** RECORDS TO PROCESS follows **
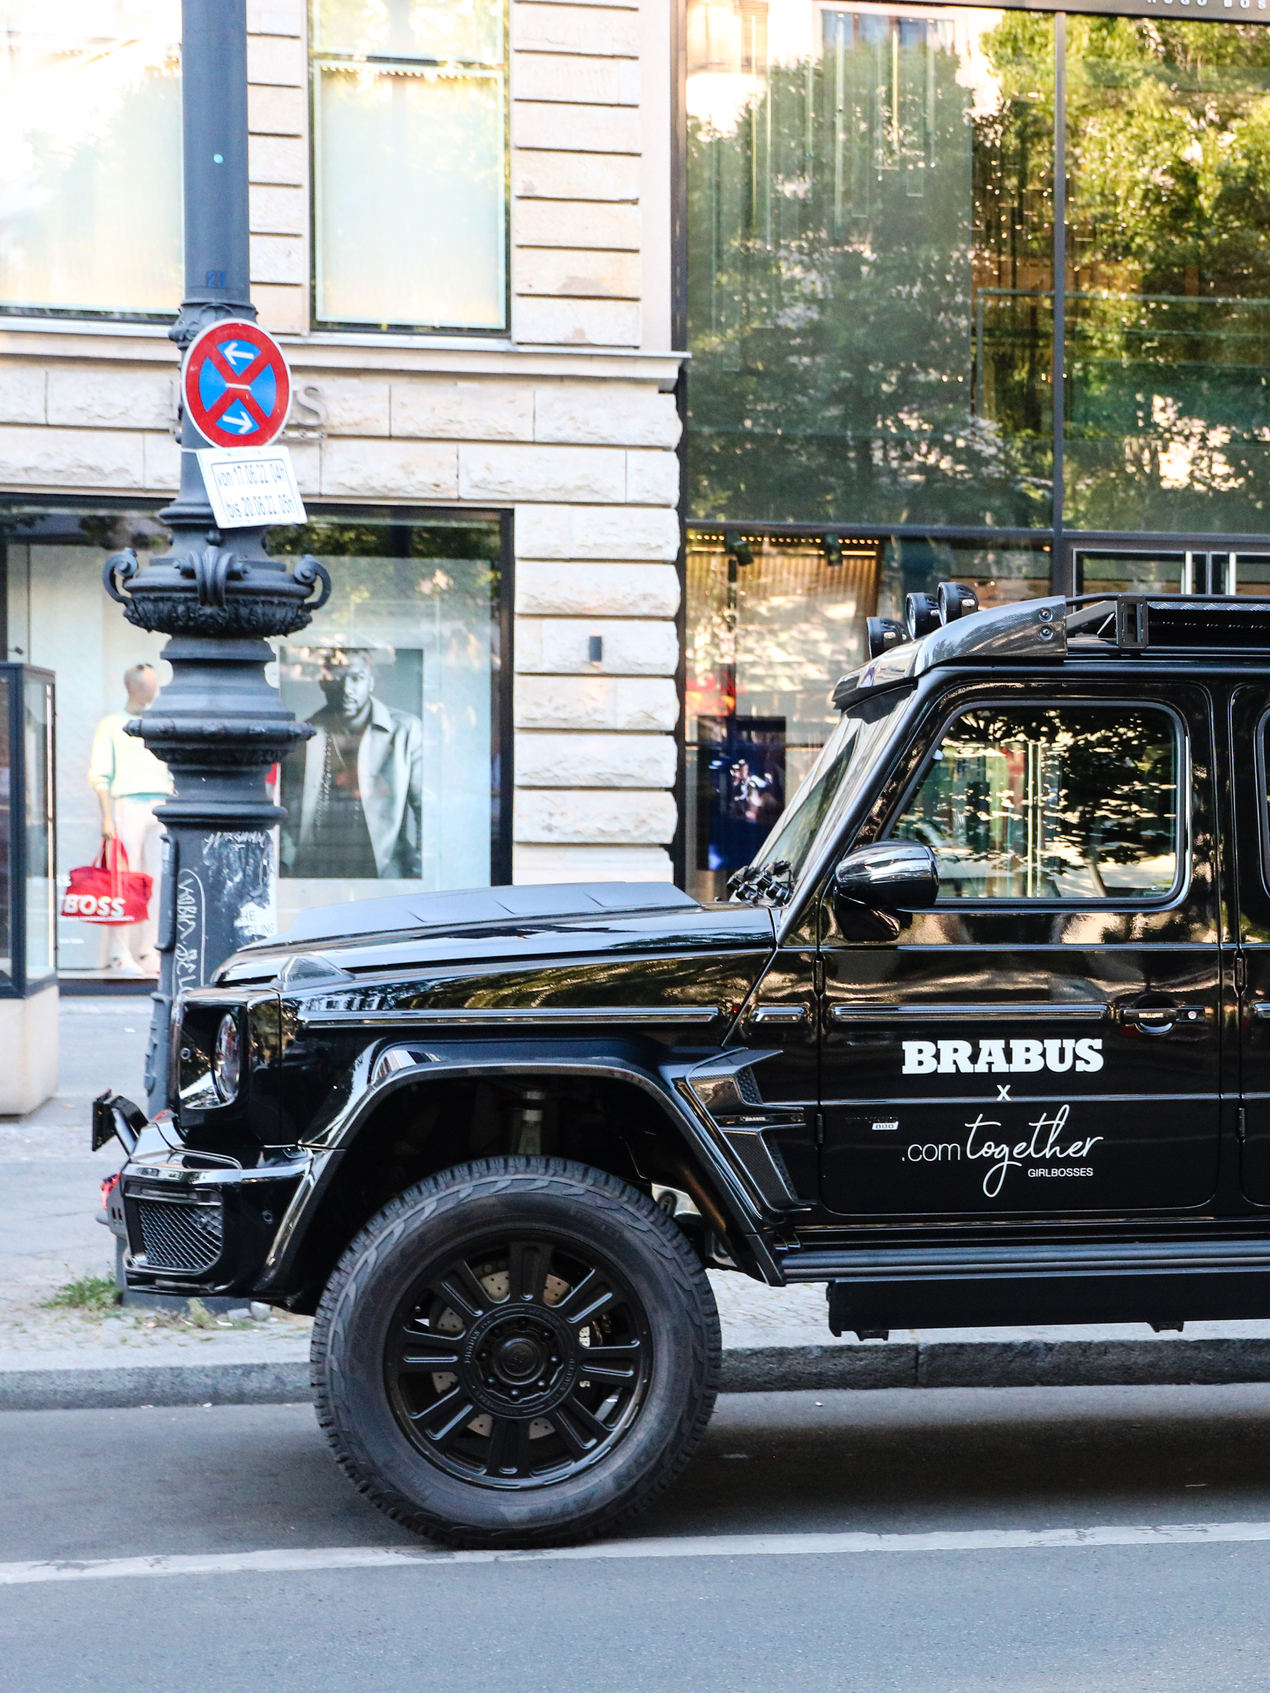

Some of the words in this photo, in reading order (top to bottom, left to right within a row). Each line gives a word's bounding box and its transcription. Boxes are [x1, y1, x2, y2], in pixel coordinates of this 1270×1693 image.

[207, 271, 226, 288] 23
[215, 471, 235, 487] von
[224, 497, 242, 518] bis
[278, 493, 296, 515] 05h
[63, 893, 126, 917] BOSS
[902, 1038, 1104, 1074] BRABUS
[901, 1143, 961, 1162] .com
[964, 1104, 1104, 1198] together
[1027, 1167, 1094, 1178] GIRLBOSSES
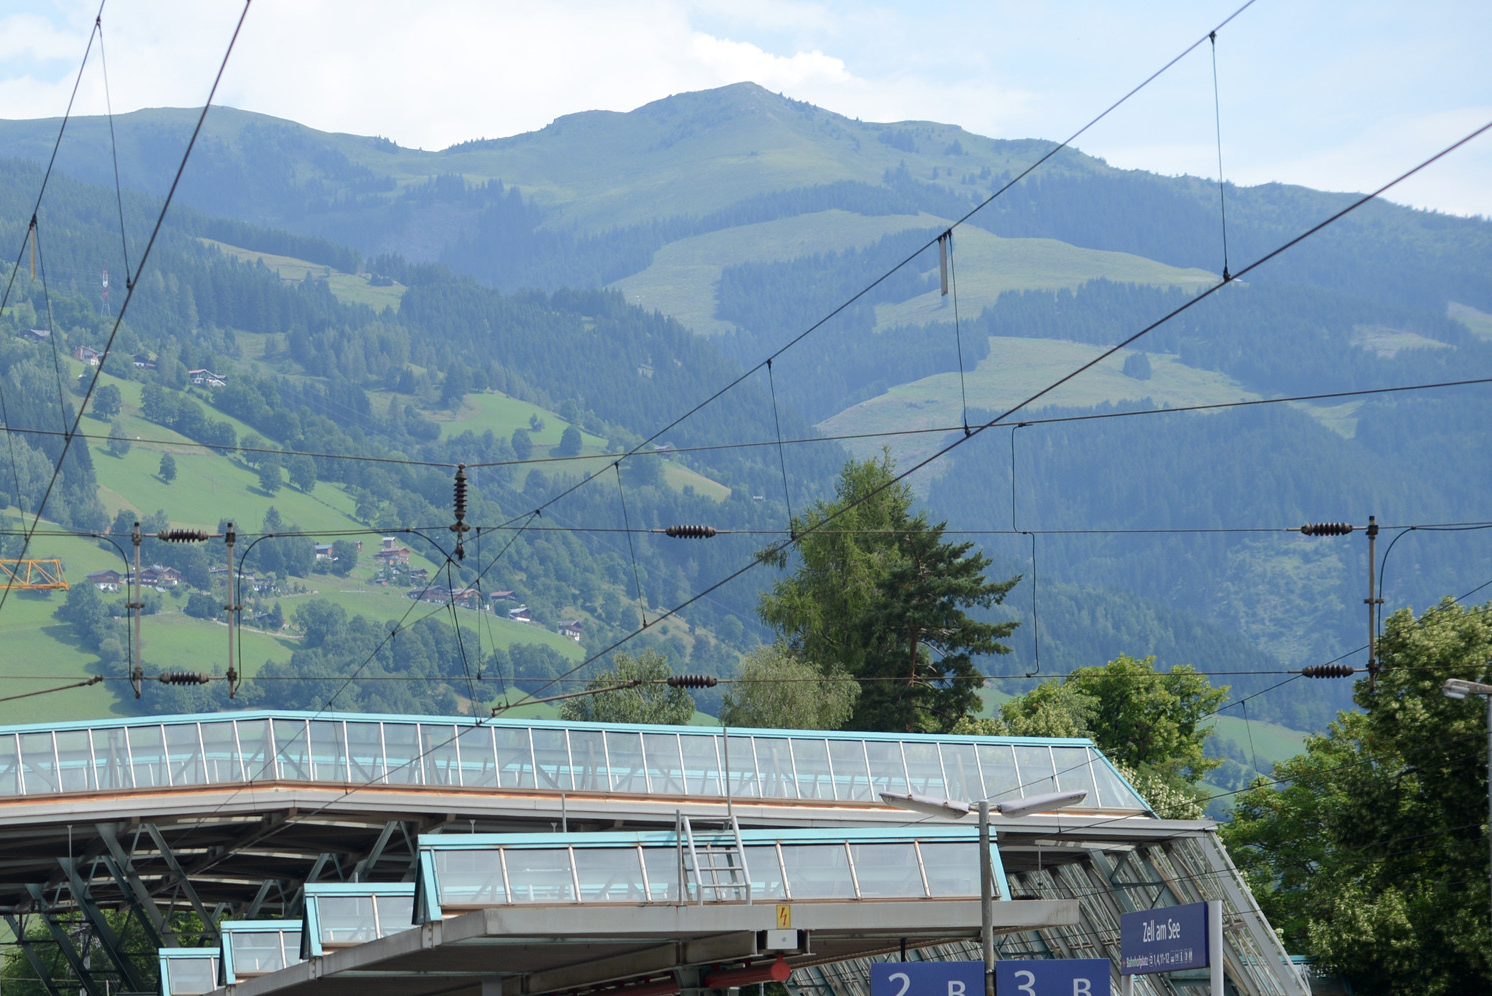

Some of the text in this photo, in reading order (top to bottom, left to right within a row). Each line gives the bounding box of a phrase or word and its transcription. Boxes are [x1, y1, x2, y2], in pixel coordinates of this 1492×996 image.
** End of RECORDS TO PROCESS **
TASK INSTRUCTIONS — Where a record above holds a picture, drop the picture and print the rest exactly.

SOLUTION —
Some of the words in this photo, in reading order (top to bottom, left to right within a row). Each line gives a word's bounding box and its transcription. Boxes are [x1, y1, x2, y2], in pixel coordinates of this 1270×1693 image.

[207, 271, 226, 288] 23
[215, 471, 235, 487] von
[224, 497, 242, 518] bis
[278, 493, 296, 515] 05h
[63, 893, 126, 917] BOSS
[902, 1038, 1104, 1074] BRABUS
[901, 1143, 961, 1162] .com
[964, 1104, 1104, 1198] together
[1027, 1167, 1094, 1178] GIRLBOSSES

Some of the text in this photo, in reading order (top to bottom, left to right within a row). Each line gives the bounding box of a phrase or word and its transcription. Boxes are [x1, y1, x2, y2], in pixel coordinates of this 1492×996 image.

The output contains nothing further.